可以根据拼音或者姓名的汉语翻译来进行转换。

例如，将“李明”转换为“Li Ming”。

2. 将中文文章的标题转换为英文。

可以直接将中文标题翻译为英文，或者进行适当的修改和调整。

例如，将“中文参考文献
转换”翻译为“Translation of Chinese References”.
3. 转换中文期刊名称为英文。

可以参考已有的英文期刊名称进行翻译，或者根据该期刊的英文官方名称进行转换。

4. 转换中文出版地和出版社为英文。

可以直接将中文出版地和出版社名称翻译为英文，或者寻找对应的英文出版地和出版社名称。

5. 根据期刊的引用格式要求，转换中文文献的引用信息为英文。

这包括文章的页码、卷号、期号等信息。

对于已有的中文参考文献，转换为英文参考文献后应该包括以下信息：
- 作者的英文姓名
- 文章的英文标题
- 期刊的英文名称
- 文章的年份
- 文章的页码
- 期刊的卷号和期号
- 出版地和出版社的英文名称
最后，确保转换后的英文参考文献格式符合所使用的引用格式要求，如APA、MLA等。

文献英文转中文

文献英文转中文
在进行文献的英文转中文时，可以采取以下步骤：
1. 阅读文献的英文摘要和关键词，了解研究主题和内容。

2. 将英文摘要和关键词翻译成中文，可以使用在线翻译工具或字典进行翻译。

3. 仔细阅读文献的全文，理解研究方法、实验结果和讨论。

4. 理解文献的核心内容后，用自己的话将每个部分（引言、方法、结果、讨论等）逐段翻译成中文。

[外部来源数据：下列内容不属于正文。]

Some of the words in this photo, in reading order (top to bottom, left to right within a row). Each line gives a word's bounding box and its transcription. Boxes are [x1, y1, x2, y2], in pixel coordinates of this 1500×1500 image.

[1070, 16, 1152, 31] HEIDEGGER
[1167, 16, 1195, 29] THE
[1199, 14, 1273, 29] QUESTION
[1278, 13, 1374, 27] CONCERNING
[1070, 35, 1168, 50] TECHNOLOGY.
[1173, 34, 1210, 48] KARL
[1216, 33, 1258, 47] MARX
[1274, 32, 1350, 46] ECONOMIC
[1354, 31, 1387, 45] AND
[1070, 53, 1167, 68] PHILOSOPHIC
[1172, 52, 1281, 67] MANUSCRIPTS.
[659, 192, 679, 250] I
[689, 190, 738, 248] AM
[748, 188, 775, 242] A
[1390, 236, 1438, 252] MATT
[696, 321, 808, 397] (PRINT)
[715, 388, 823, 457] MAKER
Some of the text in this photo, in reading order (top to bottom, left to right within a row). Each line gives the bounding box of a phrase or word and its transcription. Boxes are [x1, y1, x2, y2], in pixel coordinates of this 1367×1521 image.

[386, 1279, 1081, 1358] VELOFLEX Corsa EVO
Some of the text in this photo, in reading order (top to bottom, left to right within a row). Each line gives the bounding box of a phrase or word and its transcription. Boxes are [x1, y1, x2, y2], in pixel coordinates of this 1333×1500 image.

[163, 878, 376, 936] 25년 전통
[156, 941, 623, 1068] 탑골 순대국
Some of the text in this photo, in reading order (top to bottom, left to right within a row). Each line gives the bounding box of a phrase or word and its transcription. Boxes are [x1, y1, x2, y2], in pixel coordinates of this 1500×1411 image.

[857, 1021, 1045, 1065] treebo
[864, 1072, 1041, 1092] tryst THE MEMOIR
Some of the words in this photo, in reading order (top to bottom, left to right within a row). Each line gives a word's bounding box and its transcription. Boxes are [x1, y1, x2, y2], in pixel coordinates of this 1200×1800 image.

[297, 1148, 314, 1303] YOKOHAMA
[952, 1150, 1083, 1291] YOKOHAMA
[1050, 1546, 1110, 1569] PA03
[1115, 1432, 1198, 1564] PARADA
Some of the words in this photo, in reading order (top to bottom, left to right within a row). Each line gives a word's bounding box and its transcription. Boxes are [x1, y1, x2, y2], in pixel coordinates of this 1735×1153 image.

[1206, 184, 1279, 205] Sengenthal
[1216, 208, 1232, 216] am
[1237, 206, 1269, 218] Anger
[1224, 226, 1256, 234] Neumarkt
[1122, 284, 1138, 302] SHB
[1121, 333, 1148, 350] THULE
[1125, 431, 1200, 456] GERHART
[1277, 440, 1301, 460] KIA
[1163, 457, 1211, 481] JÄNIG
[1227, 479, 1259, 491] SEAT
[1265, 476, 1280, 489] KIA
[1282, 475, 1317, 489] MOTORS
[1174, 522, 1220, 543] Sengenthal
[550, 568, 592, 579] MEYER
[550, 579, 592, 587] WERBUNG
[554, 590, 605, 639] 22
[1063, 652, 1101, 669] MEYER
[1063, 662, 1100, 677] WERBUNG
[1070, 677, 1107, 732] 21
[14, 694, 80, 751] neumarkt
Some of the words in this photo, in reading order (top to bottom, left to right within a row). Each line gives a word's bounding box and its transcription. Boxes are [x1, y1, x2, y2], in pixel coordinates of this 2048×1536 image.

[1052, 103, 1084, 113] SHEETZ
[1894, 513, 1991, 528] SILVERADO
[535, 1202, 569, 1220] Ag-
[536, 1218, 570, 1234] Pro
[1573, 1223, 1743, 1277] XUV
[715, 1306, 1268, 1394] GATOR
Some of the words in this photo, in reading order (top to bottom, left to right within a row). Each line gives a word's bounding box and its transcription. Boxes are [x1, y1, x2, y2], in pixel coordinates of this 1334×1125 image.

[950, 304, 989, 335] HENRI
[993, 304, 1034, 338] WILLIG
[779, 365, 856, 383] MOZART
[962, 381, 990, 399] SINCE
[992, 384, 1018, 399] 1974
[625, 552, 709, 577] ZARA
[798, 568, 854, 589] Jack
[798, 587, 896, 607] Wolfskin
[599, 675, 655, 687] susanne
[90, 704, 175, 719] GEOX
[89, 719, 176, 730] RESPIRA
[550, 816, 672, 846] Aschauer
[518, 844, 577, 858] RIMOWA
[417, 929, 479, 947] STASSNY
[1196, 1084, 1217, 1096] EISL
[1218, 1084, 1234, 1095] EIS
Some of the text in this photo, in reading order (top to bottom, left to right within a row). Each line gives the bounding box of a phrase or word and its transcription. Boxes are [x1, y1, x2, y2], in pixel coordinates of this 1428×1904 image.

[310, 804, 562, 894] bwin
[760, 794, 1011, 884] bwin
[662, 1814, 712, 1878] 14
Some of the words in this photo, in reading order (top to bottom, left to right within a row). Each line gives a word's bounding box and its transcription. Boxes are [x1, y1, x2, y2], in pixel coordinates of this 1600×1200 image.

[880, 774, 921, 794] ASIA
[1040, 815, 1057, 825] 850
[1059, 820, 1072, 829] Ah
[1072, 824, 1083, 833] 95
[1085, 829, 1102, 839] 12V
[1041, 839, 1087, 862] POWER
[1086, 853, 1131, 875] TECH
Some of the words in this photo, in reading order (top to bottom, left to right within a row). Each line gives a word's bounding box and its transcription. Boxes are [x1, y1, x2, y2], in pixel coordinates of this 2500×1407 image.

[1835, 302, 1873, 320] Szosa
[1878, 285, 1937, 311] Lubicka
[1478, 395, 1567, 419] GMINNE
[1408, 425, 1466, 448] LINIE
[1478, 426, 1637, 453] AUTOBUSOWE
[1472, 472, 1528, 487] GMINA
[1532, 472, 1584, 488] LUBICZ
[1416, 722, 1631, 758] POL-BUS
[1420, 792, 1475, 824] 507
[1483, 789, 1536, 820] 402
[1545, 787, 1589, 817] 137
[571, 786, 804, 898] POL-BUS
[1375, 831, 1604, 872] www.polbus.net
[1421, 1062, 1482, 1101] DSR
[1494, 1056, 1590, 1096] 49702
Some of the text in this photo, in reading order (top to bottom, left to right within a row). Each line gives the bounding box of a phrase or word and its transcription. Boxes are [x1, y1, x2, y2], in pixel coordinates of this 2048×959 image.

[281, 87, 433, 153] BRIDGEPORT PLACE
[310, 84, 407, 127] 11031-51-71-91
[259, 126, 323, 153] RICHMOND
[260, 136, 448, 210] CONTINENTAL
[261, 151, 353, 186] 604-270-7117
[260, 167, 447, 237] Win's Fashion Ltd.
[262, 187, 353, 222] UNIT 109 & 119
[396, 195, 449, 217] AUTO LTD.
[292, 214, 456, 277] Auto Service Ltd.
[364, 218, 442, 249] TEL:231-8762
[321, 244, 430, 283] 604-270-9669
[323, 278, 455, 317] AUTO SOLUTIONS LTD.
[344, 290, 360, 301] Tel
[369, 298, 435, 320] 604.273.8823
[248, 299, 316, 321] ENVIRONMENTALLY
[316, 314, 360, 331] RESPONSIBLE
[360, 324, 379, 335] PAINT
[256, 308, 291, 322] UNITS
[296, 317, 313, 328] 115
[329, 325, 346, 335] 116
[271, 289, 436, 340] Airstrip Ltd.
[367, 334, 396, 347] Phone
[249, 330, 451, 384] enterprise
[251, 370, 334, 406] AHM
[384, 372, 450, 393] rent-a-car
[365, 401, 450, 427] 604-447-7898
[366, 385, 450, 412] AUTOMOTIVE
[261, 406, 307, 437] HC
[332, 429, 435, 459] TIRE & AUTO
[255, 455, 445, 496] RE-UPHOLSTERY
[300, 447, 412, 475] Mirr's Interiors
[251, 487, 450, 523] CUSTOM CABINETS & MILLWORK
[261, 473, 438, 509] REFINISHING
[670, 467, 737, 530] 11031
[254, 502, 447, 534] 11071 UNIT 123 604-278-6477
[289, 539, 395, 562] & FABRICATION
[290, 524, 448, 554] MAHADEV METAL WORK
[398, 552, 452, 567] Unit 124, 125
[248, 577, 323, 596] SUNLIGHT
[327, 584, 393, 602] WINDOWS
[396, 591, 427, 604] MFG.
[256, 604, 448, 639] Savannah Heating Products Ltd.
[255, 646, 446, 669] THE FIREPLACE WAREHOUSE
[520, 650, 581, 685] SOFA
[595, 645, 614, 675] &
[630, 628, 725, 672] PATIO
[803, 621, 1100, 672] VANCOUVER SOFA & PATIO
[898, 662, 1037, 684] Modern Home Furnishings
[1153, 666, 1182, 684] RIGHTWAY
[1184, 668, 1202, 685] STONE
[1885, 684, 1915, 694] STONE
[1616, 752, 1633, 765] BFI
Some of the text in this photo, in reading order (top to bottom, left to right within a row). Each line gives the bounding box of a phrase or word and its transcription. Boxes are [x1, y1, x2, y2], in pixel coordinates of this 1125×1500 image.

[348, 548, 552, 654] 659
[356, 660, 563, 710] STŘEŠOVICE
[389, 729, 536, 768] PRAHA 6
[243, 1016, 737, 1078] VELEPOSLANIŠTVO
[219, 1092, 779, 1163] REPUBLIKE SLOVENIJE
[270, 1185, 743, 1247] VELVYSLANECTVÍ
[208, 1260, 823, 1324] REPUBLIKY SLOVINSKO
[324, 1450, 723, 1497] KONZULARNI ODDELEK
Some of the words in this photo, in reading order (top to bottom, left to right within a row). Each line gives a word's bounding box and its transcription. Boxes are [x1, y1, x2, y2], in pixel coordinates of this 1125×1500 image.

建议使用简洁明了的语言，并保持原作者的观点和观点一致。

5. 在翻译过程中，尽量忠实地传达原文的意思，但也要注意适当的表达方式和语法规范。

有时候，为了更好地表达意思，可以做适度的调整和重写。

6. 完成翻译后，再仔细检查翻译是否准确、流畅，并修正可能存在的错误和不通顺的地方。

7. 如果有困难或不确定的地方，可以咨询他人的意见或参考其他相似的研究文献，以确保最终的翻译质量和准确性。

请注意，翻译文献需要一定的语言能力和专业知识，准确传达文献内容的同时，也要尊重原著作者的权益。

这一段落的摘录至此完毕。